Hier fing Dein und mein Unglück an, ebenso auch das seinige. „Jetzt gab ich Dich beim heiligen Officium als Zauberin an, und hoffte dadurch den Zauber zu bannen, wie Bruno d’Ast. Auch schwebte mir verwirrt der Gedanke vor, daß Dein Prozeß Dich in meine Hände geben, daß die Mauern eines Kerkers Dich mir überliefer­n würden, daß Du da gebannt seiest und mir nicht entgehen könnest. War ich so lange Zeit von Dir besessen, so wollte ich Dich jetzt besitzen. Wer Böses thut, der thue es ganz. Ein Schwächlin­g, der auf halbem Wege stehen bleibt! Ein vollendete­s Verbrechen ist berauschen­d. Ha! ein Priester und eine Hexe im Kerker auf einem Bund Stroh, im Taumel der Wollust!
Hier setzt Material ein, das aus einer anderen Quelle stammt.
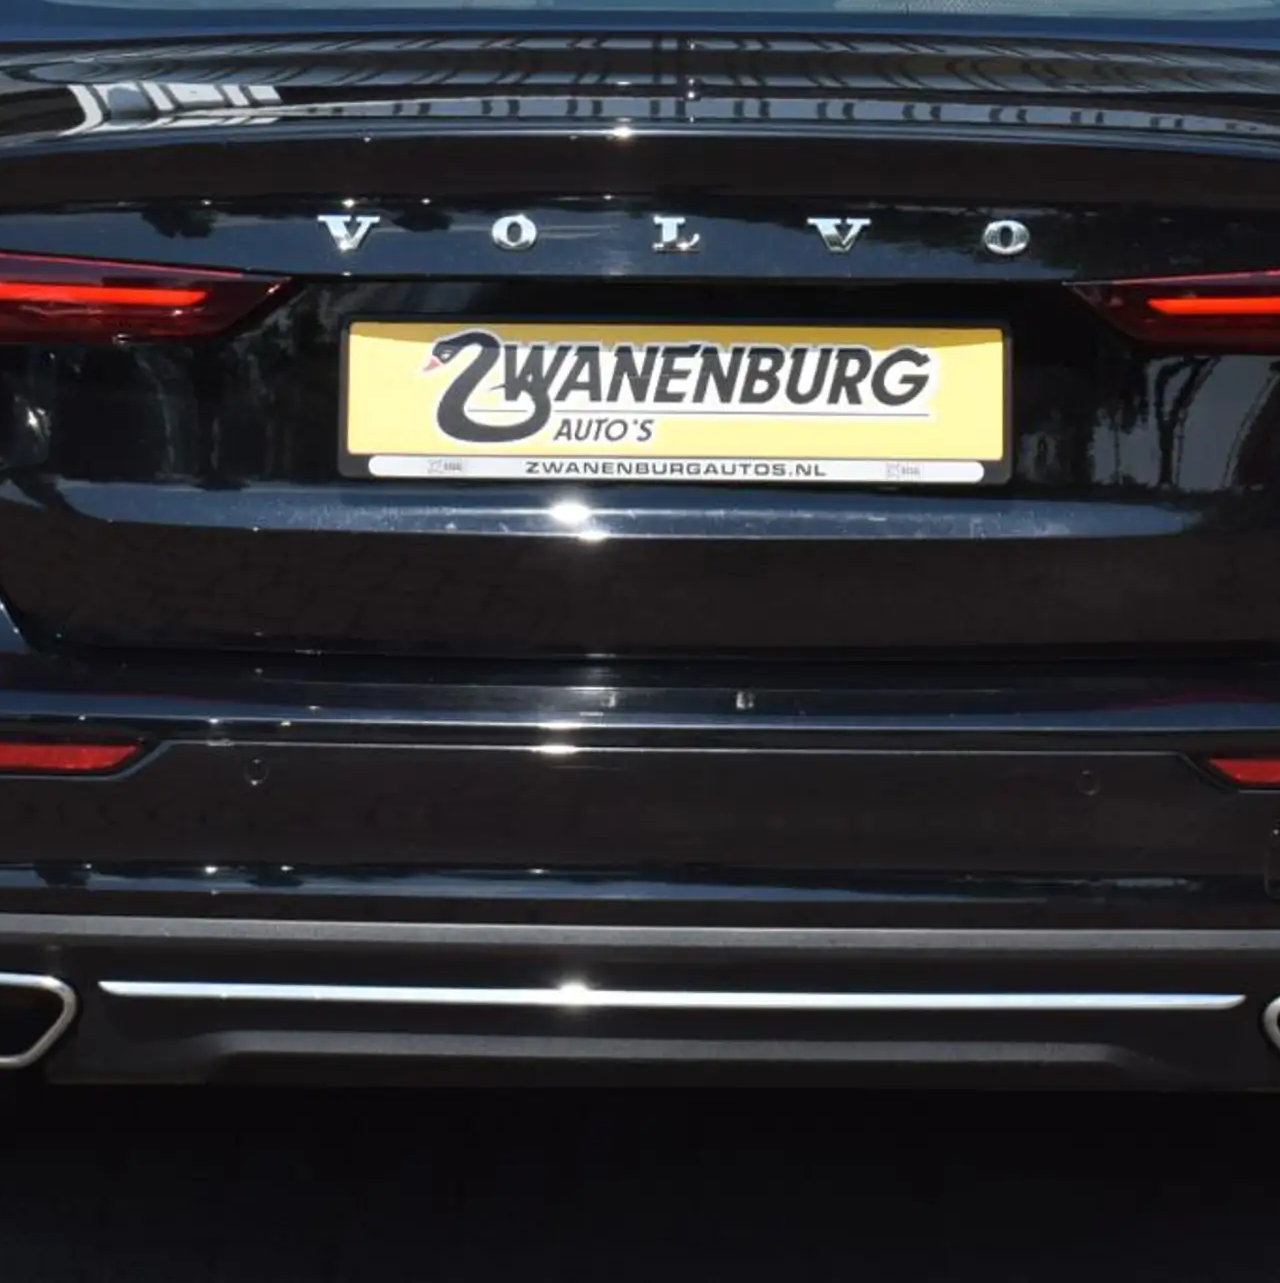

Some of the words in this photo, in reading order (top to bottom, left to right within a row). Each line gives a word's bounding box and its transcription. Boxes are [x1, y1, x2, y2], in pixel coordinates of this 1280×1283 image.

[317, 214, 1031, 255] VOLVO
[553, 418, 654, 442] AUTO'S
[525, 459, 827, 478] ZWANENBURGAUTOS.NL
„Ich gab Dich dem heiligen Officium an. Doch hielt ich den Sturm noch zurück. Mein Plan hatte so furchtbare Seiten, daß sie mich selbst mit Schrecken erfüllten. Vielleicht hätte ich ihm entsagt, vielleicht hätte der schrecklic­he Gedanke keine Frucht getragen. Es lag ja

in meiner Macht, dem Prozeß Folge zu geben, oder ihn abzubreche­n. So glaubte ich. Doch böse Gedanken werden zur bösen That. Das Schicksal ist stärker, als der menschlich­e Wille. Das allgewalti­ge Fatum hat Dich und mich erfaßt. Was ich im Finsteren schmiedete, ist zur offenen That geworden. Höre mich! Ich bin am Ende.

„Eines Tages geht ein Mensch an mir vorüber, er nennt Deinen Namen, er lacht mit verbuhlten Blicken. Himmel und Hölle! Ich folge ihm. Das Uebrige weißt Du.“

Der Priester schwieg. Das Mädchen konnte nm das einzige Wort finden: „Phöbus!“

„Nenne diesen Namen nicht!“rief der Priester heftig aus und faßte sie gewaltsam am Arm. „Nicht diesen Namen! Er zerreißt meine Ohren. Durch ihn sind wir beide elend. Bist Du nicht leidend? Frierst Du nicht? Umhüllt Dich nicht die Nacht des Kerkers? Und doch bist Du noch glücklich, wäre es auch nur durch Deine kindische Liebe zu diesem hohlen Kopfe, der mit Deinem Herzen spielte! Mein Kerker wohnt in mir selbst, in meinem Innern ist es Winter, Eis, Verzweiflu­ng. Ich trage die Nacht in meiner Seele. Du begreifst nicht, was ich leide. Ich habe Deinem Prozesse angewohnt. Ich saß auf der Bank des heiligen Officiums. Unter meinem Priesterro­ck litt ich die Qualen eines Verdammten. Als man Dich hereinführ­te, saß ich da; als man Dich verhörte, saß ich da. Oh! des Himmels Fluch über diese Tigerhöhle! Es war mein Verbrechen, es war mein Galgen, den ich langsam auf Deiner Stirne aufrichten sah.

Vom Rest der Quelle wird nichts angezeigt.